In this study, we included 82 patients with cervical spinal cord injury (SCI). We discovered that the predictive capability of the feature fusion model was enhanced compared to using radiomics or CNNs individually. Ultimately, we found that the Rad + ResNet-50 model had the highest prognostic predictive value for cervical SCI, with AUCs of 0.940 and 0.922 in the training and test cohorts, respectively.
Contributions of This Study and Comparison with Previous Studies
Functional prognosis after cervical spinal cord injury (SCI), particularly regarding regaining functional independence, is a primary focus in rehabilitation. Predicting SCI recovery can be challenging, but the ASIA grade is a key benchmark for assessing clinical recovery and long-term prognosis [22]. In our study, 82 cervical SCI patients were divided into two groups based on whether their ASIA index improved after one year. Table 1 shows preoperative and postoperative ASIA grades with p < 0.05, indicating clinical significance. Yann Facchinello et al. also highlight that the severity of the neurological deficit at admission, indicated by the ASIA grade, is a critical predictor of recovery [23].

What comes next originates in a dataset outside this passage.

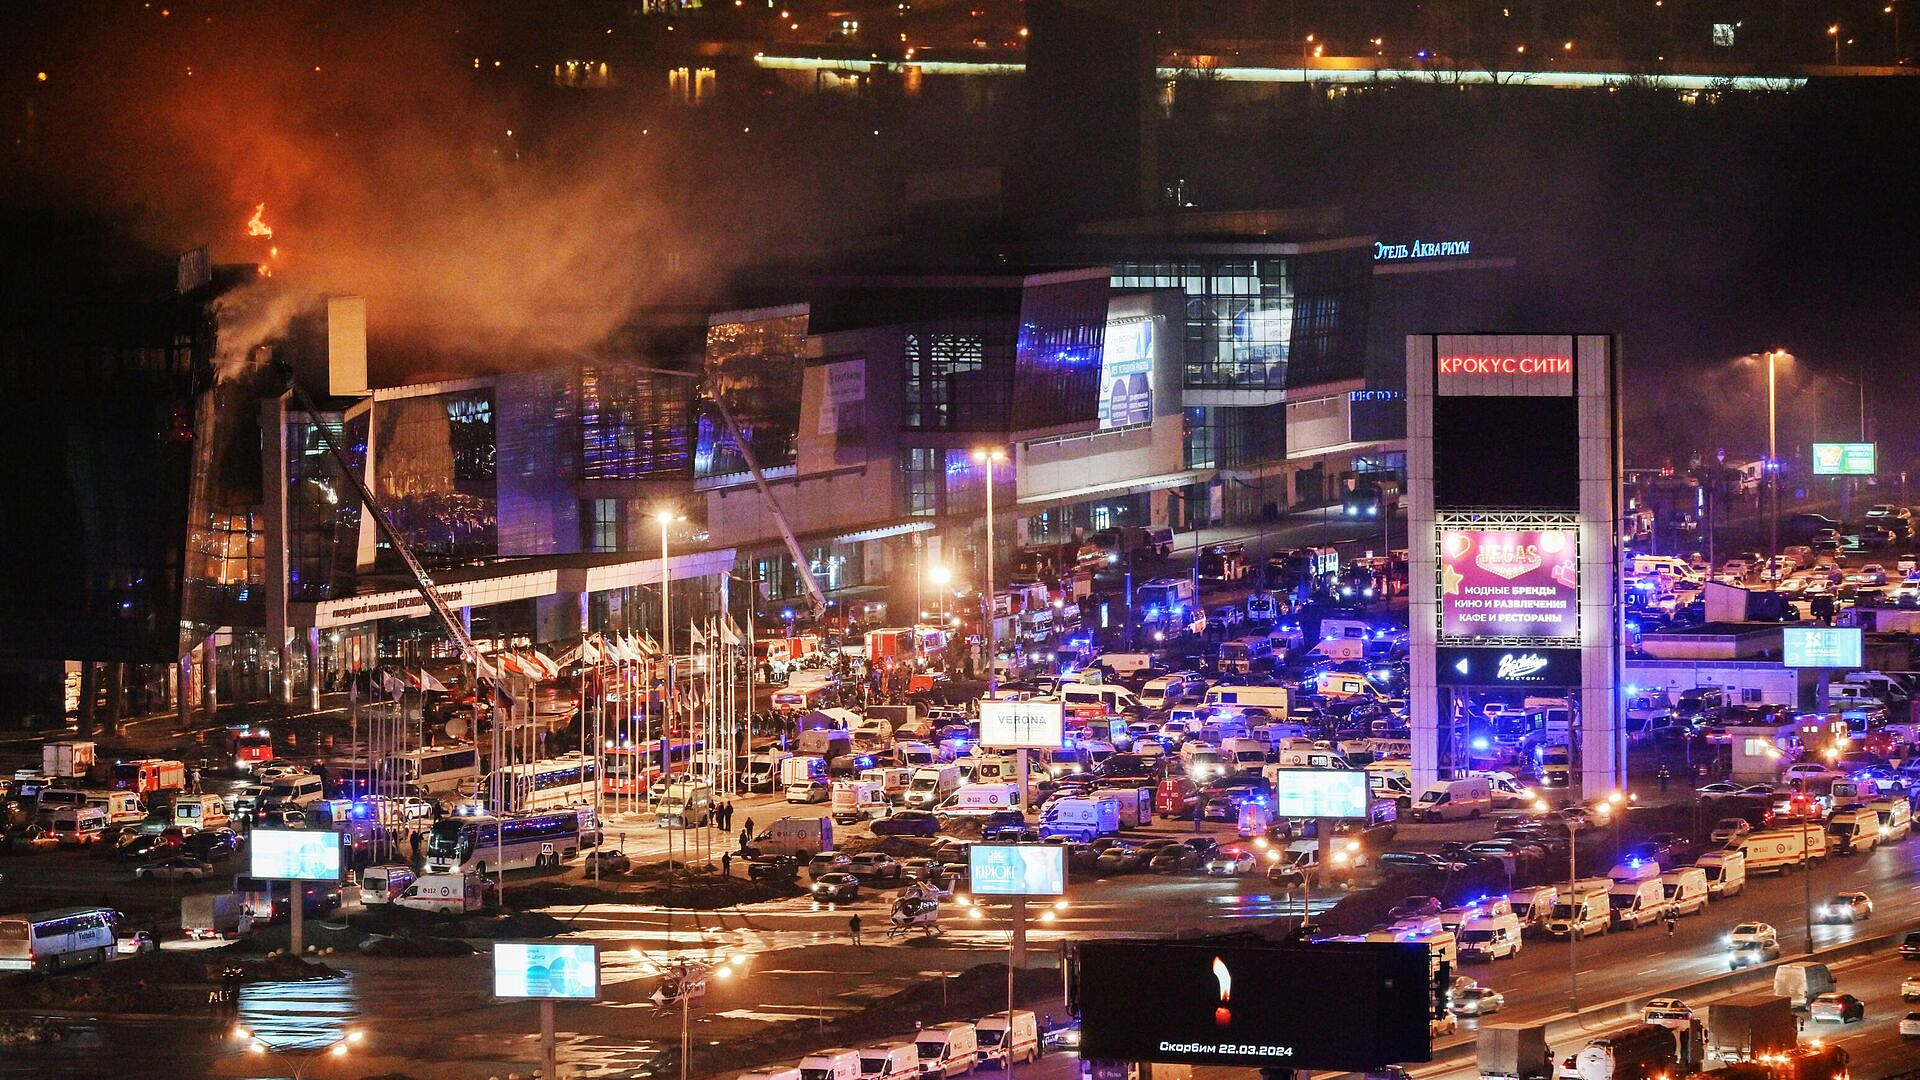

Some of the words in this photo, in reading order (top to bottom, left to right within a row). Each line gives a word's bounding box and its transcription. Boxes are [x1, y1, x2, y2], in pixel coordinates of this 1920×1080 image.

In addition to the ASIA score, MRI images are crucial for prognosis, with metrics shown to be reproducible and predictive of clinical outcomes[24].Hyun-Joon Yoo et al. used machine learning algorithms to create a prediction model for SCI patients based solely on clinical variables, achieving promising results [25]. However, their approach did not include the prognostic value of imaging, particularly MRI.
The BASIC (Brain and Spinal Injury Center) score, developed to predict neurological improvement based on high signal intensity on axial T2-weighted MRI, has proven effective [25] [10]. However, this score focused on a limited set of manually measured MRI features, such as injury length and spinal canal compromise, overlooking many other potential features.

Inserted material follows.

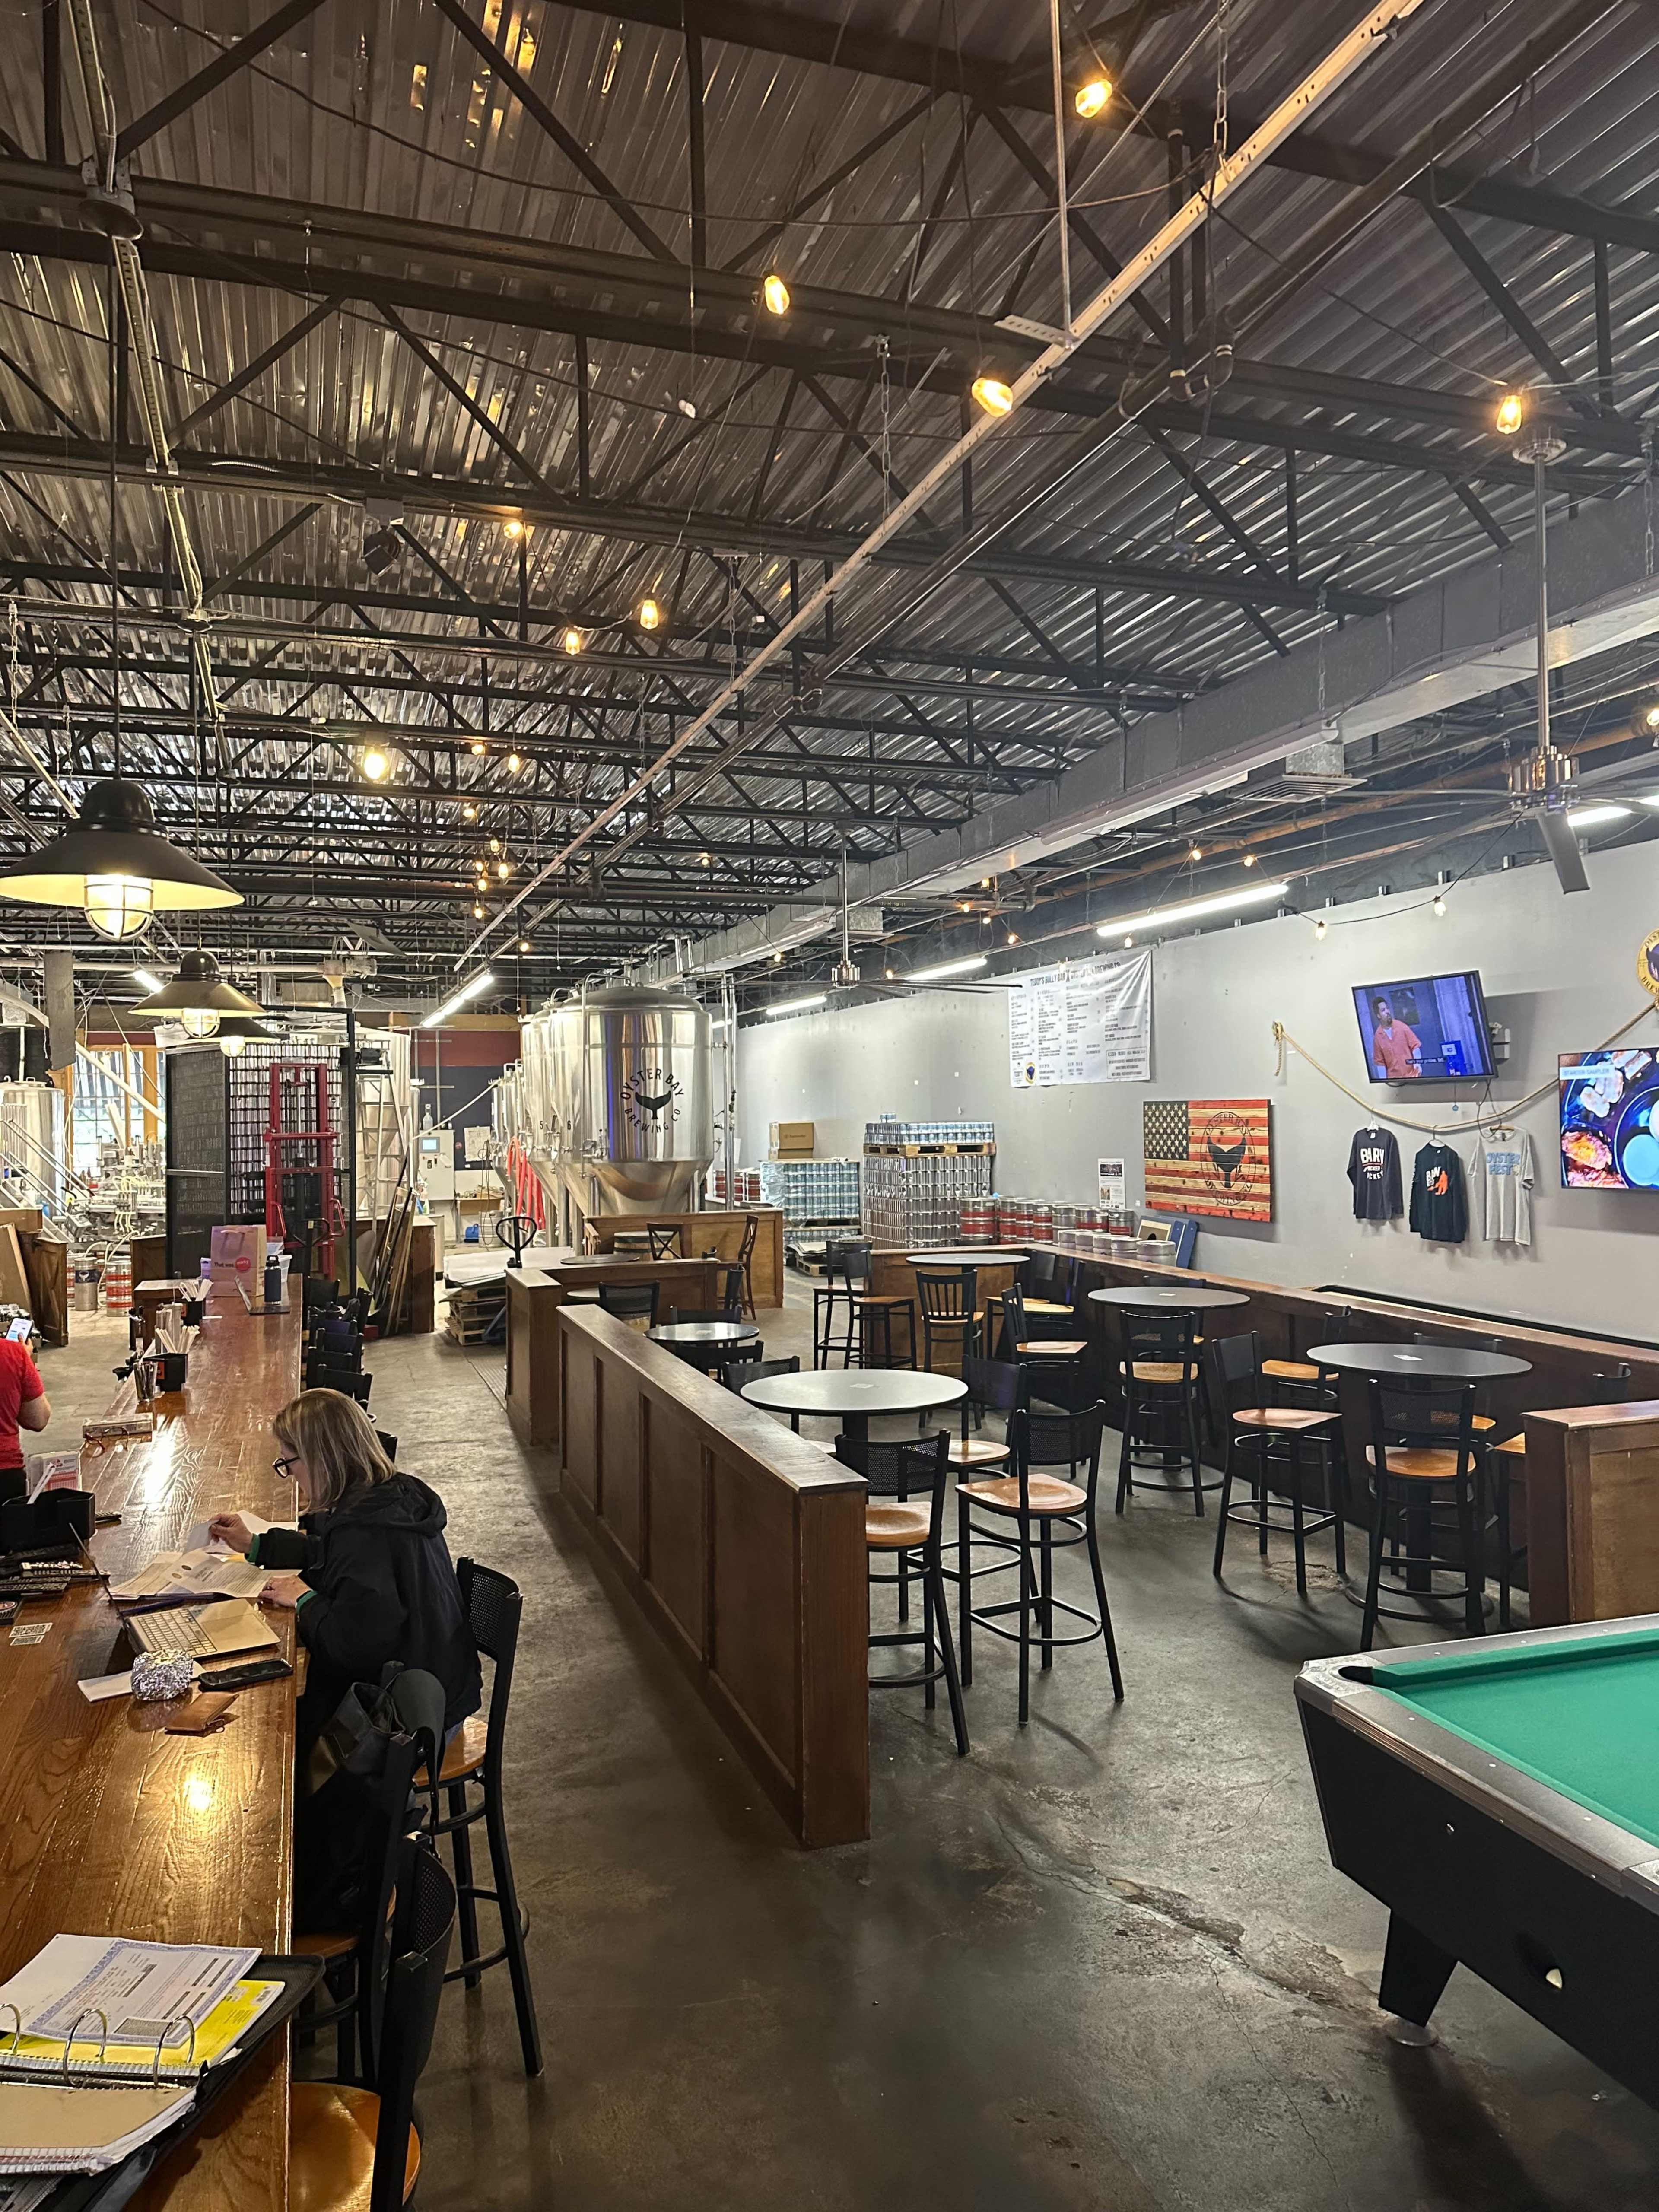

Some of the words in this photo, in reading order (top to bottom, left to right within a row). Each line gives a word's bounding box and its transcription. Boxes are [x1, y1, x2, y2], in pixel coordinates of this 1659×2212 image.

Our study leverages deep learning radiomics to extract and model MRI features. This approach reduces the risk of missing significant features, as evidenced by the combined model (Rad + ResNet50 AUC: 0.9220), which demonstrates improved performance.

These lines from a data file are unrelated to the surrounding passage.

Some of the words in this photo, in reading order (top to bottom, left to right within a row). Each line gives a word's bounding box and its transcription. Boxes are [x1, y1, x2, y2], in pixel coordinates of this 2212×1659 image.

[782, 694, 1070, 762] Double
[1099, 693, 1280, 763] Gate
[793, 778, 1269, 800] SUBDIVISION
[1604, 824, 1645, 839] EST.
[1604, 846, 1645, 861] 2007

We noted that in another study using deep learning, Okimatsu and colleagues developed a CNN model to quantify radiographic characteristics and predict 1-month neurological outcomes in acute SCI patients, achieving 71% accuracy[26]. We extended the follow-up period (1-year) and also improved the model's accuracy to 92.2%. Integrating handcrafted radiomics (HCR) and deep transfer learning (DTL) features for cervical SCI prognosis is novel, and our approach uses standard image data without special training, highlighting its potential.
Training deep learning models on small datasets has limitations, though deep transfer learning can help. André Wirries suggested that using small datasets to train deep learning models for clinical applications is practical[27]. We enhanced model performance through random shifts, rotations, and horizontal flips during training to increase data diversity[28]. Expanding the dataset and controlling feature numbers further improved results. We implemented rigorous feature selection processes in our experiments[29, 30].
ResNet’s structure uses shortcut connections, enabling effective fusion training[31]. To evaluate different models, we tested ResNet-18, ResNet-50, and ResNet-101. Both deep learning and combined models showed that ResNet-50 performed best. Despite having fewer layers and higher Top-1 and Top-5 error rates than ResNet-101[31], ResNet-50’s moderate depth proved advantageous in this research. This indicates that while deeper networks may offer superior learning capabilities, selecting an appropriate network depth for specific research can lead to better model fitting and other benefits, such as reduced computational resources and time. Additionally, ResNet-18 underperformed compared to ResNet-50, suggesting lower-dimensional ResNet networks may lack sufficient fitting capacity.
Deep Learning Model Interpretability
Although deep learning shows promise in disease diagnosis and prognosis, the interpretability of these models can hinder their broader application[32, 33]. Some studies use post-hoc methods or supervised machine learning models to interpret deep learning algorithm outputs[34]. For example, Yixin Wang visualized SVM features using a SHAP-based method[34]. In our study, we generated Grad-CAM images to enhance model interpretability, similar to how Kim, Y. and colleagues used heatmaps to identify regions crucial for prognosis prediction[35].
limitations
There are some limitations to this study that further studied and explored in future work. First, the sample size of cervical SCI was small. Although our findings reflect the predictive ability of deep learning features to a certain extent, more data would be more convincing. Second, this was a restrospective study, more prospective data are needed to verify the effectiveness of the model.